┏━━
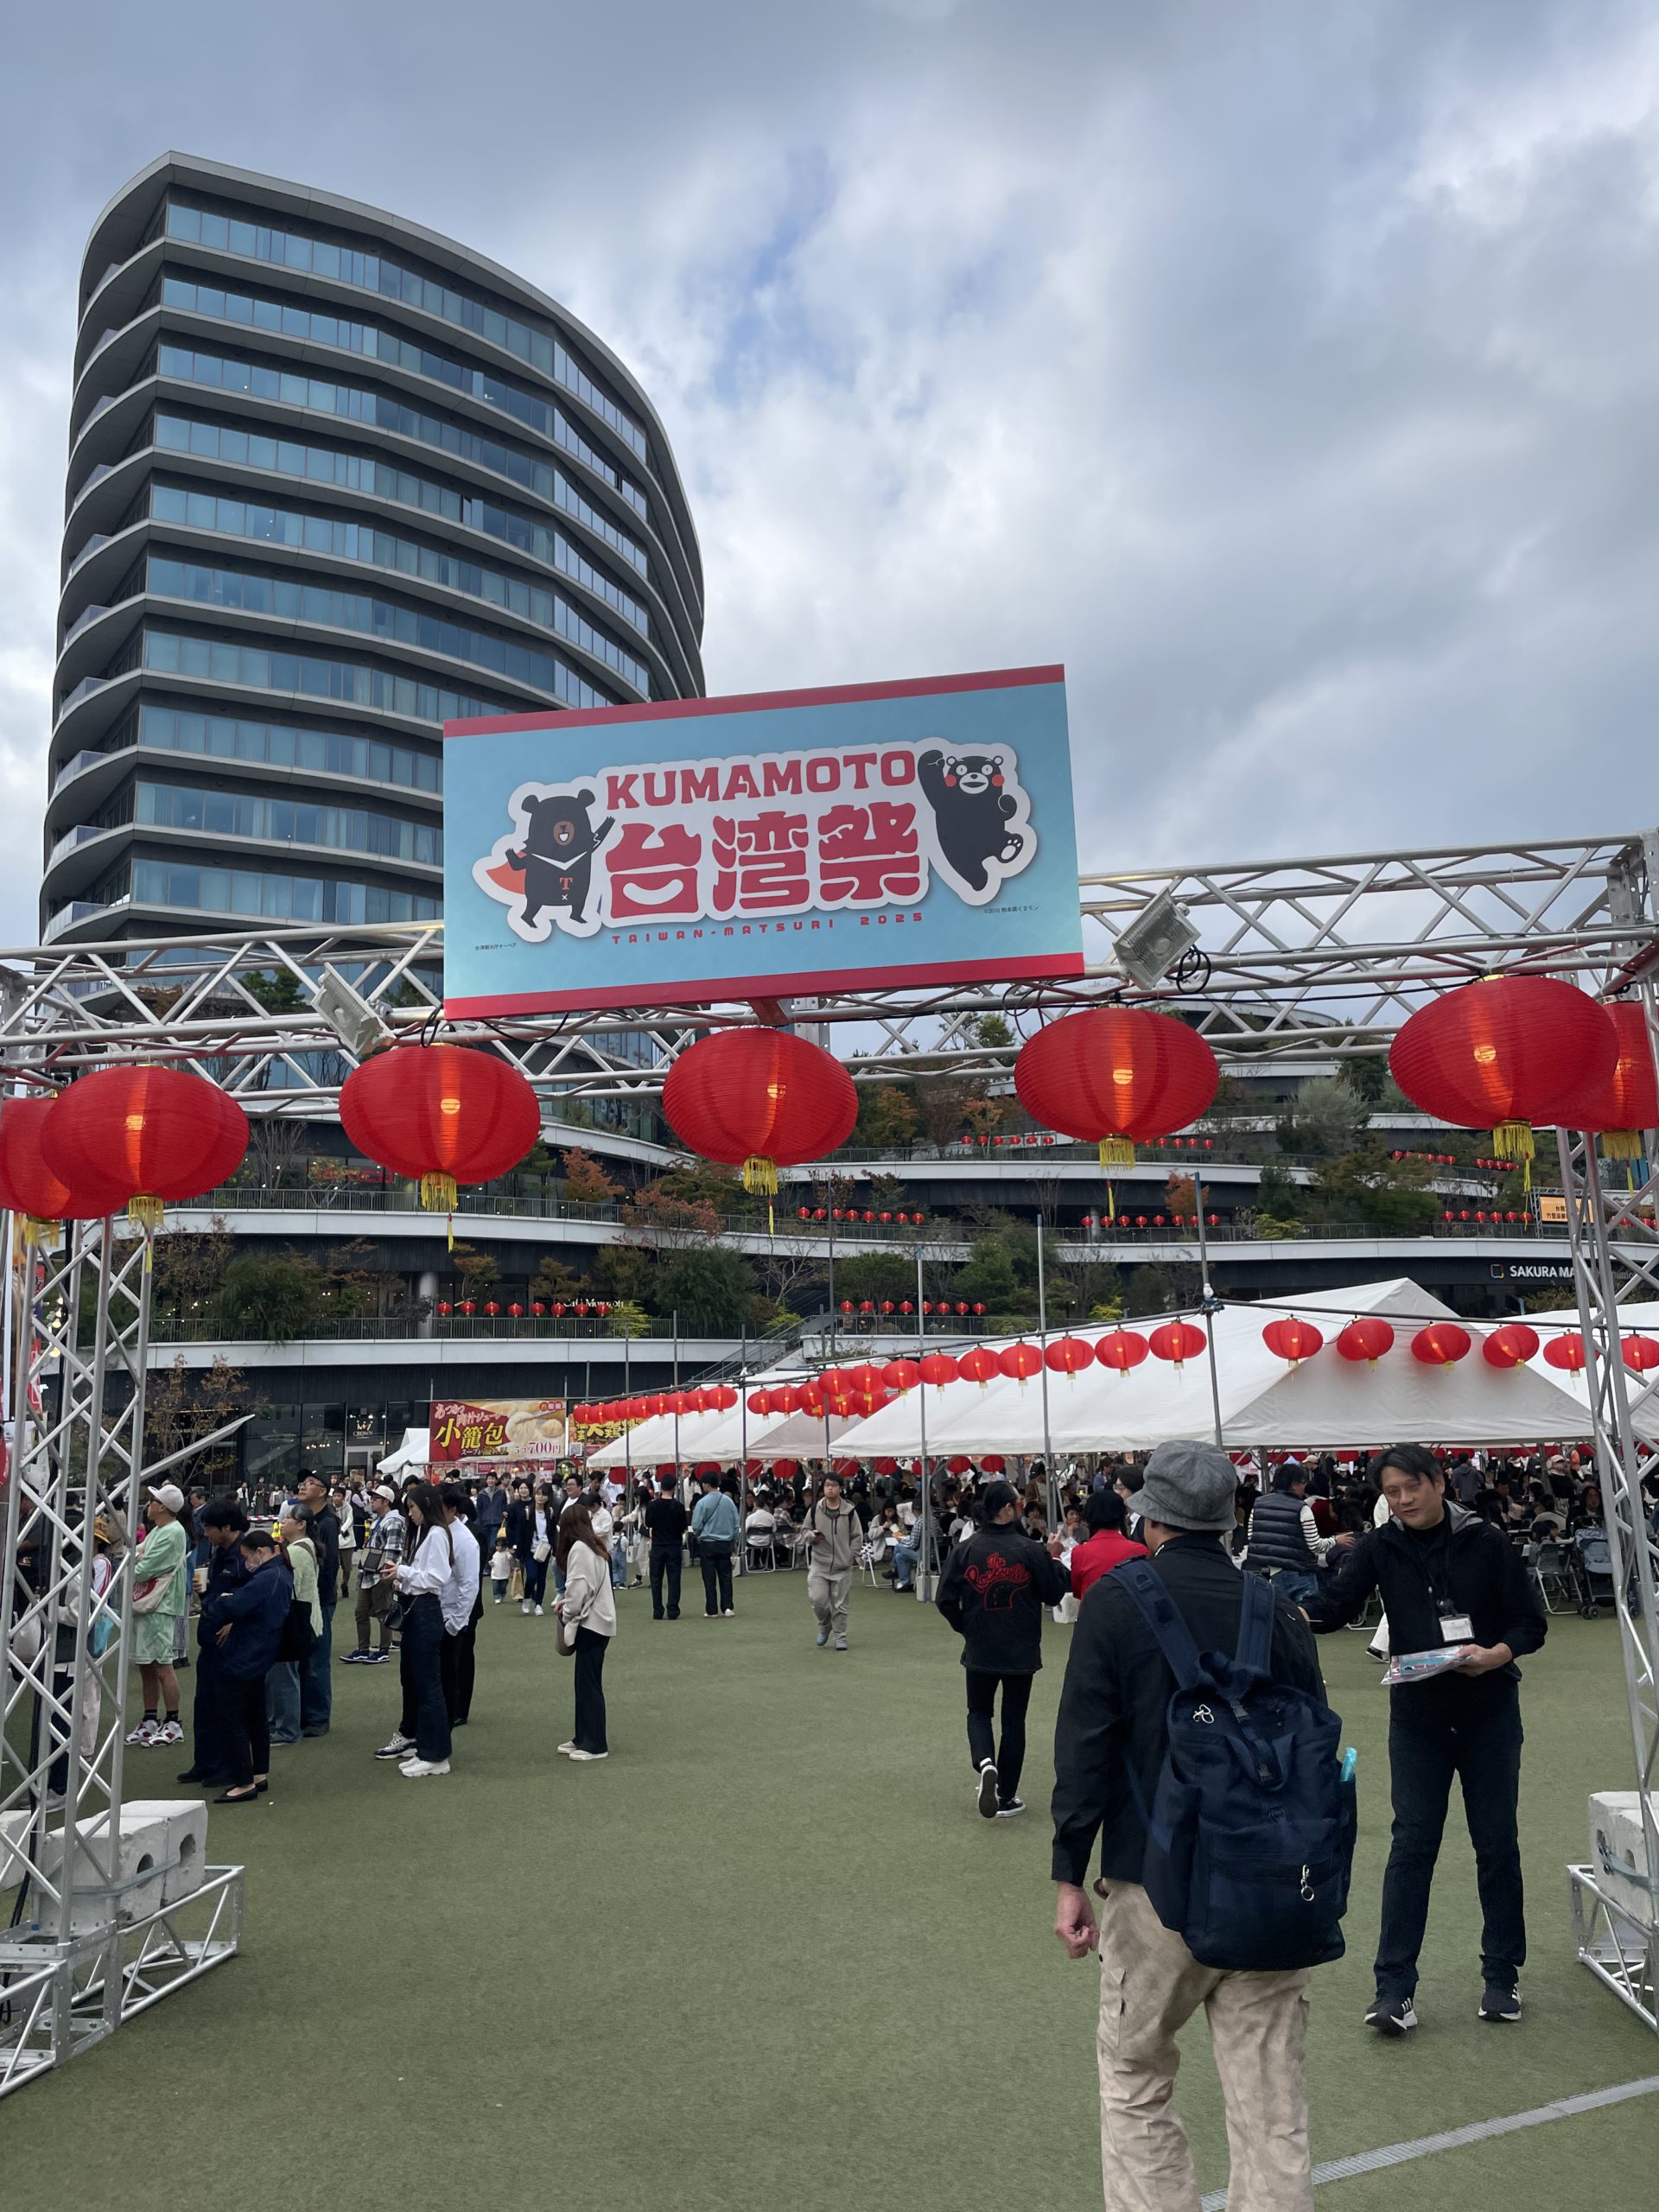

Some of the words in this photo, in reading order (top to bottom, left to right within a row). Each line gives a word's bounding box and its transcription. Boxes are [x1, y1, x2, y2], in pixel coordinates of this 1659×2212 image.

[607, 750, 916, 810] KUMAMOTO
[605, 801, 920, 918] 台湾祭
[612, 918, 833, 944] TAIWAN-MATSURI
[860, 912, 923, 926] 2025
[1510, 1265, 1557, 1278] SAKURA
[433, 1417, 504, 1450] 小籠包
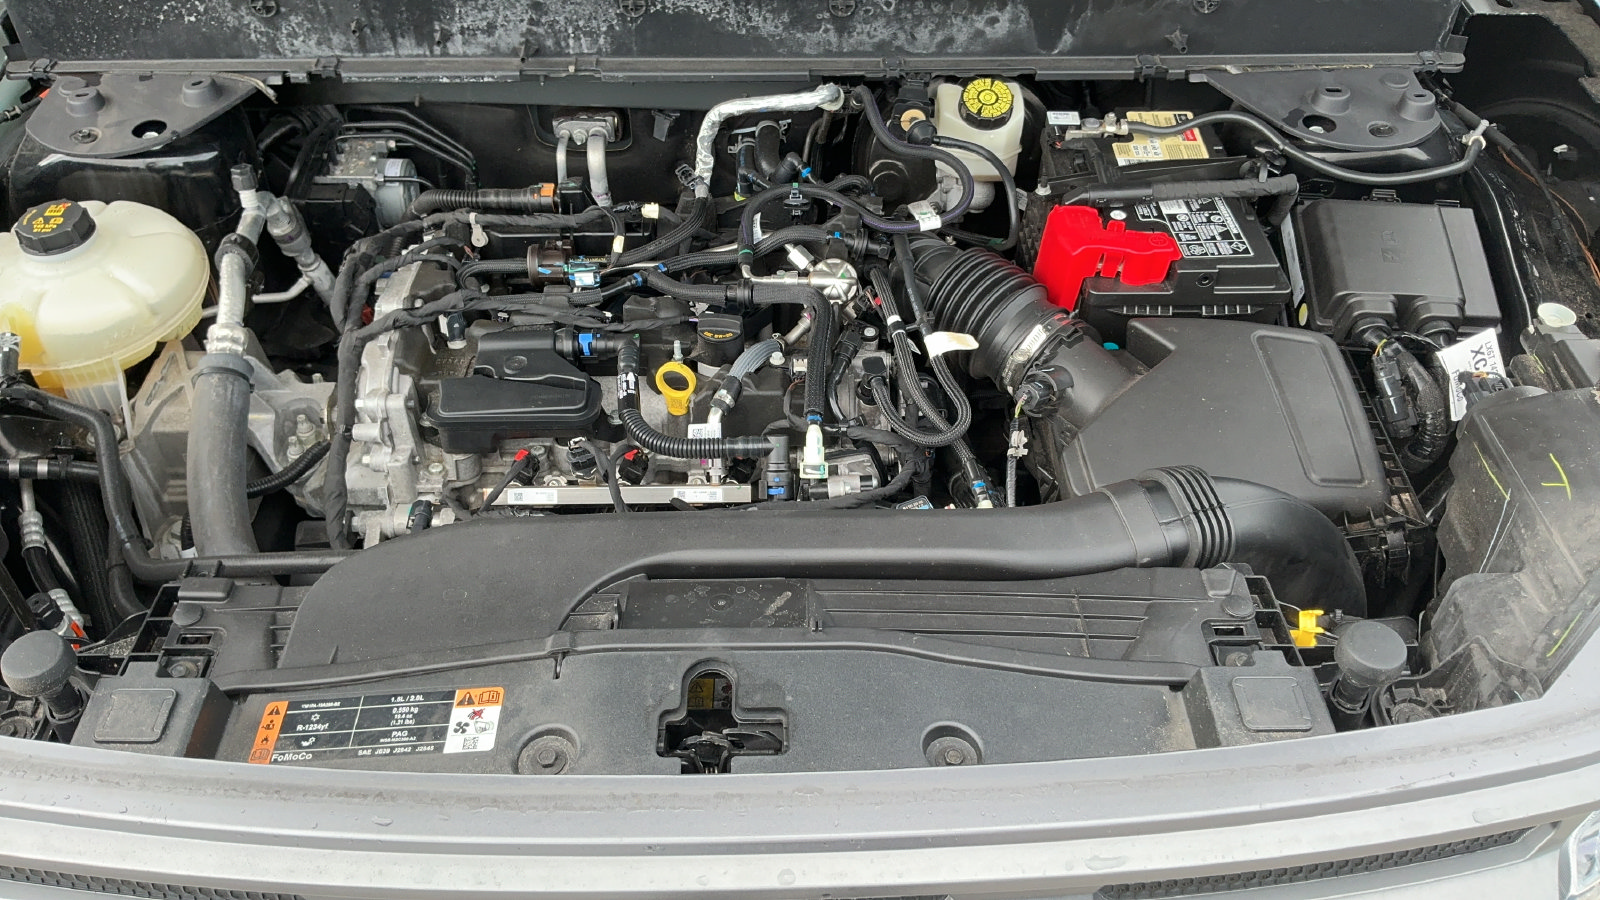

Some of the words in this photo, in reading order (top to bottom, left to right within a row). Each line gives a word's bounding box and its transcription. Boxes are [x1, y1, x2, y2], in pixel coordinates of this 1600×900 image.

[1471, 345, 1487, 370] XC
[410, 706, 419, 714] kg
[297, 723, 329, 731] R-1234yf
[391, 730, 408, 738] PAG
[271, 752, 312, 761] FoMoCo
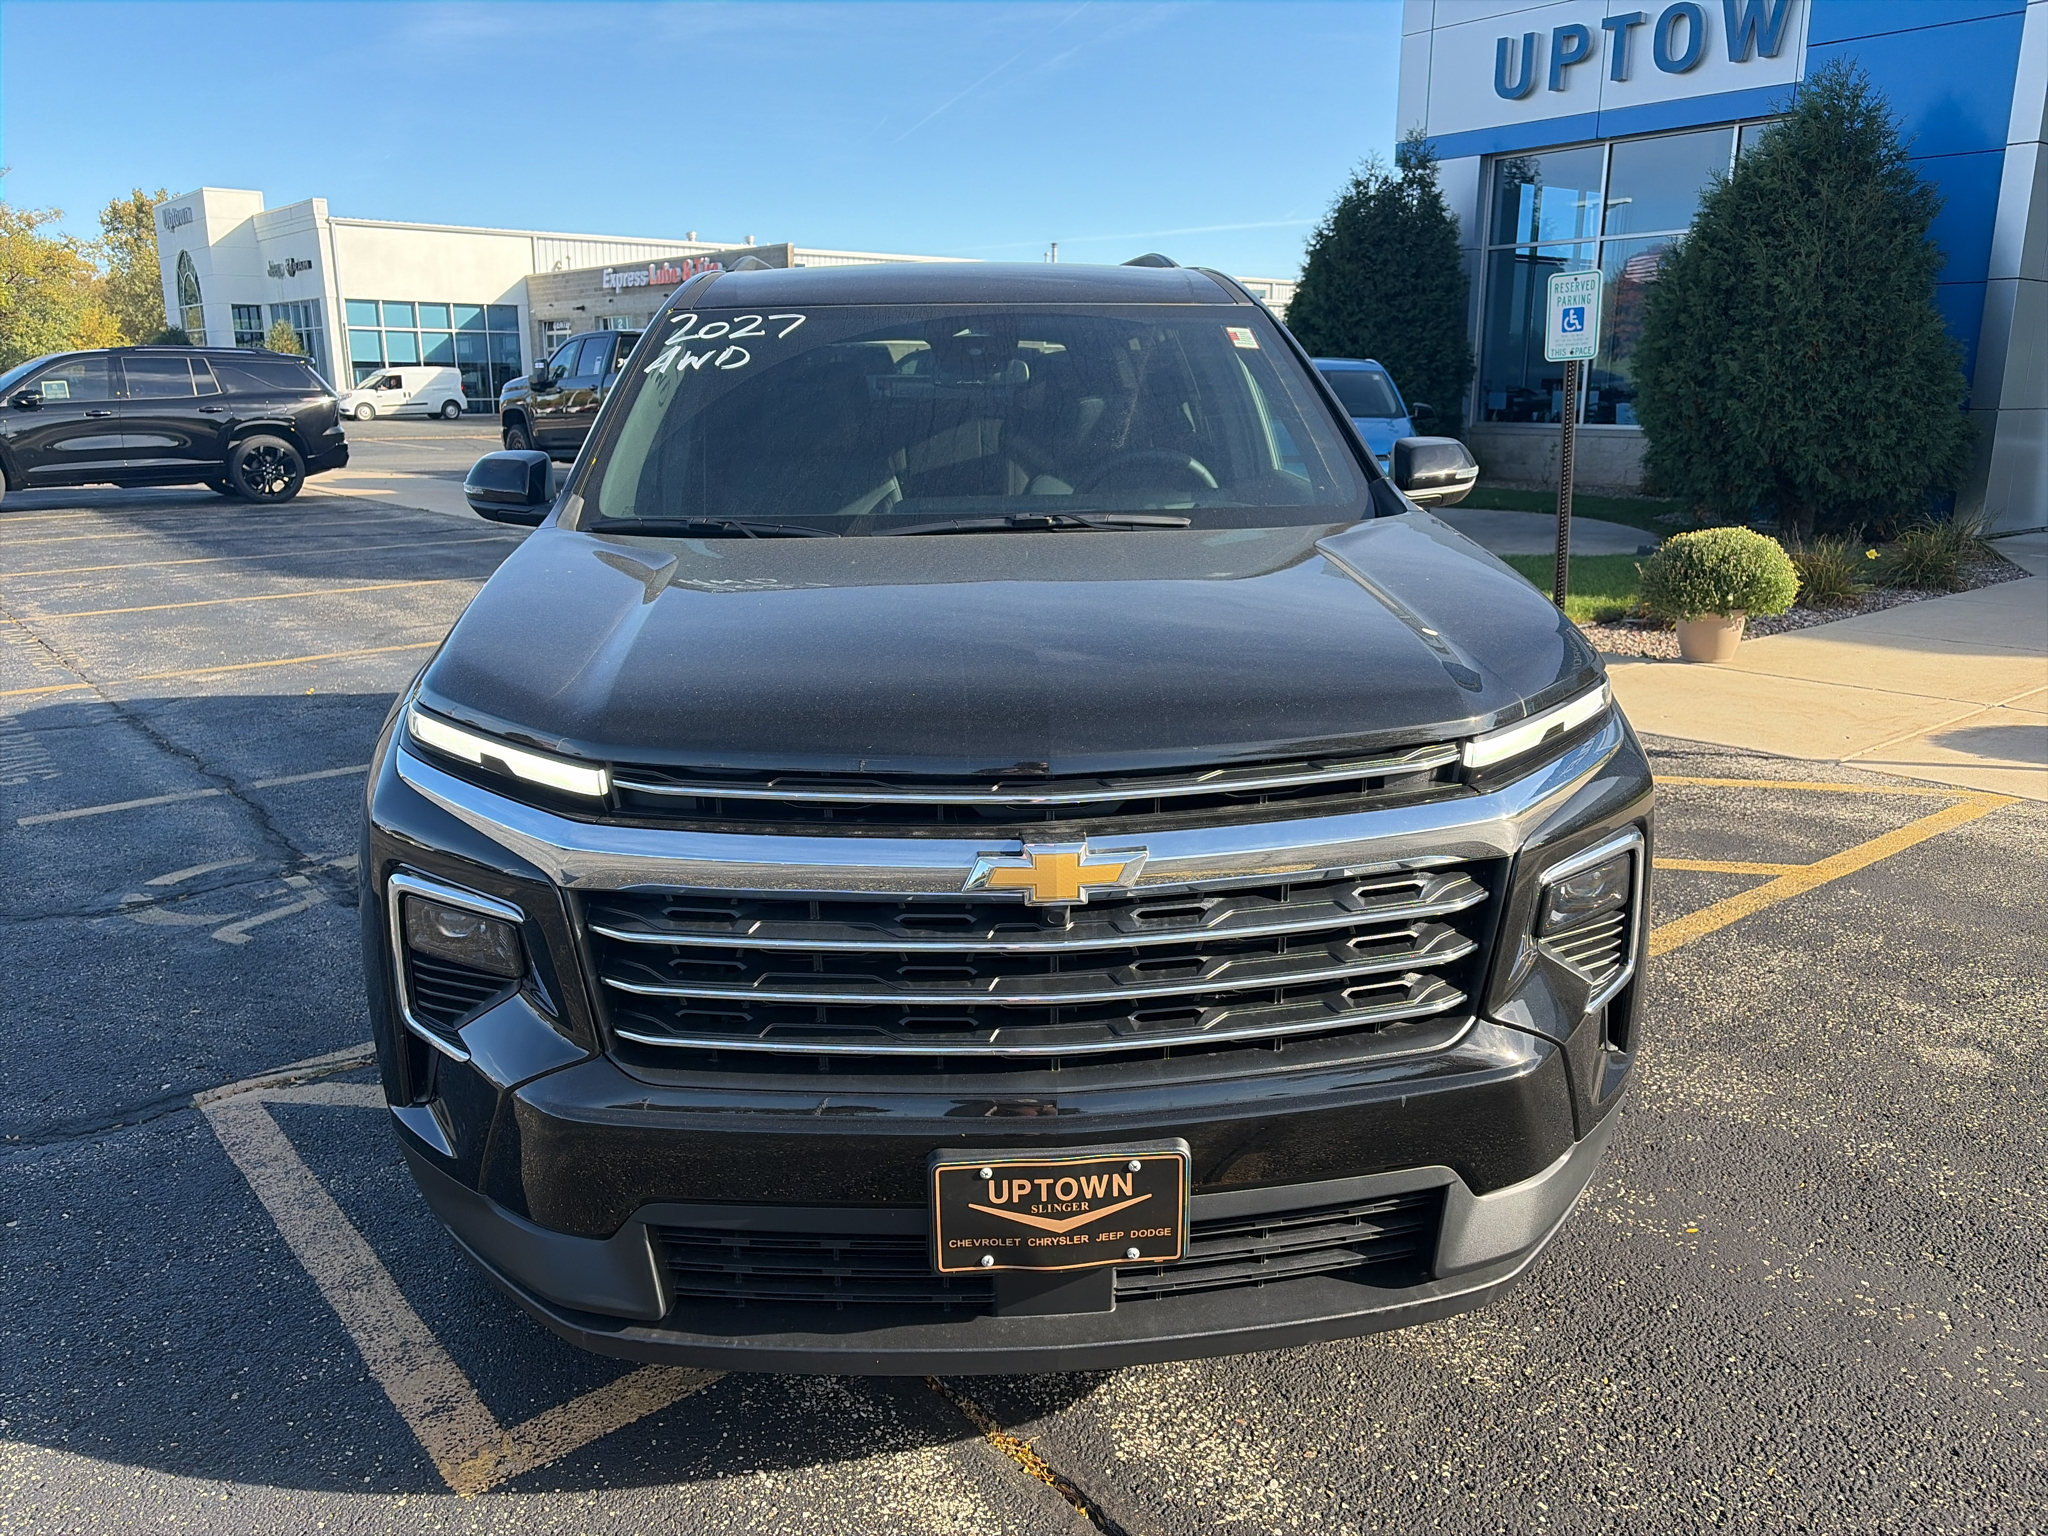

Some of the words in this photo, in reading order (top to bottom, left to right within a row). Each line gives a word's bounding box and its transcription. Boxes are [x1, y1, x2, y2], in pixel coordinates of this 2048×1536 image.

[1494, 0, 1794, 100] UPTOW
[162, 207, 193, 233] Uptown
[603, 268, 649, 293] Express
[649, 263, 681, 285] Lube
[682, 259, 696, 281] &
[1554, 280, 1596, 294] RESERVED
[1557, 293, 1592, 307] PARKING
[666, 313, 806, 345] 2027
[644, 345, 751, 374] AWD
[1551, 348, 1567, 357] THIS
[988, 1173, 1133, 1204] UPTOWN
[1031, 1202, 1090, 1214] SLINGER
[949, 1238, 1021, 1248] CHEVROLET
[1027, 1234, 1089, 1247] CHRYSLER
[1095, 1231, 1124, 1242] JEEP
[1130, 1227, 1172, 1239] DODGE
┗━━
## What is being asked
With the pictures omitted, print each line of the data above precisely as given.

## Result for this exercise
Some of the words in this photo, in reading order (top to bottom, left to right within a row). Each line gives a word's bounding box and its transcription. Boxes are [x1, y1, x2, y2], in pixel coordinates of this 1659×2212 image.

[607, 750, 916, 810] KUMAMOTO
[605, 801, 920, 918] 台湾祭
[612, 918, 833, 944] TAIWAN-MATSURI
[860, 912, 923, 926] 2025
[1510, 1265, 1557, 1278] SAKURA
[433, 1417, 504, 1450] 小籠包

Some of the words in this photo, in reading order (top to bottom, left to right within a row). Each line gives a word's bounding box and its transcription. Boxes are [x1, y1, x2, y2], in pixel coordinates of this 1600×900 image.

[1471, 345, 1487, 370] XC
[410, 706, 419, 714] kg
[297, 723, 329, 731] R-1234yf
[391, 730, 408, 738] PAG
[271, 752, 312, 761] FoMoCo

Some of the words in this photo, in reading order (top to bottom, left to right within a row). Each line gives a word's bounding box and its transcription. Boxes are [x1, y1, x2, y2], in pixel coordinates of this 2048×1536 image.

[1494, 0, 1794, 100] UPTOW
[162, 207, 193, 233] Uptown
[603, 268, 649, 293] Express
[649, 263, 681, 285] Lube
[682, 259, 696, 281] &
[1554, 280, 1596, 294] RESERVED
[1557, 293, 1592, 307] PARKING
[666, 313, 806, 345] 2027
[644, 345, 751, 374] AWD
[1551, 348, 1567, 357] THIS
[988, 1173, 1133, 1204] UPTOWN
[1031, 1202, 1090, 1214] SLINGER
[949, 1238, 1021, 1248] CHEVROLET
[1027, 1234, 1089, 1247] CHRYSLER
[1095, 1231, 1124, 1242] JEEP
[1130, 1227, 1172, 1239] DODGE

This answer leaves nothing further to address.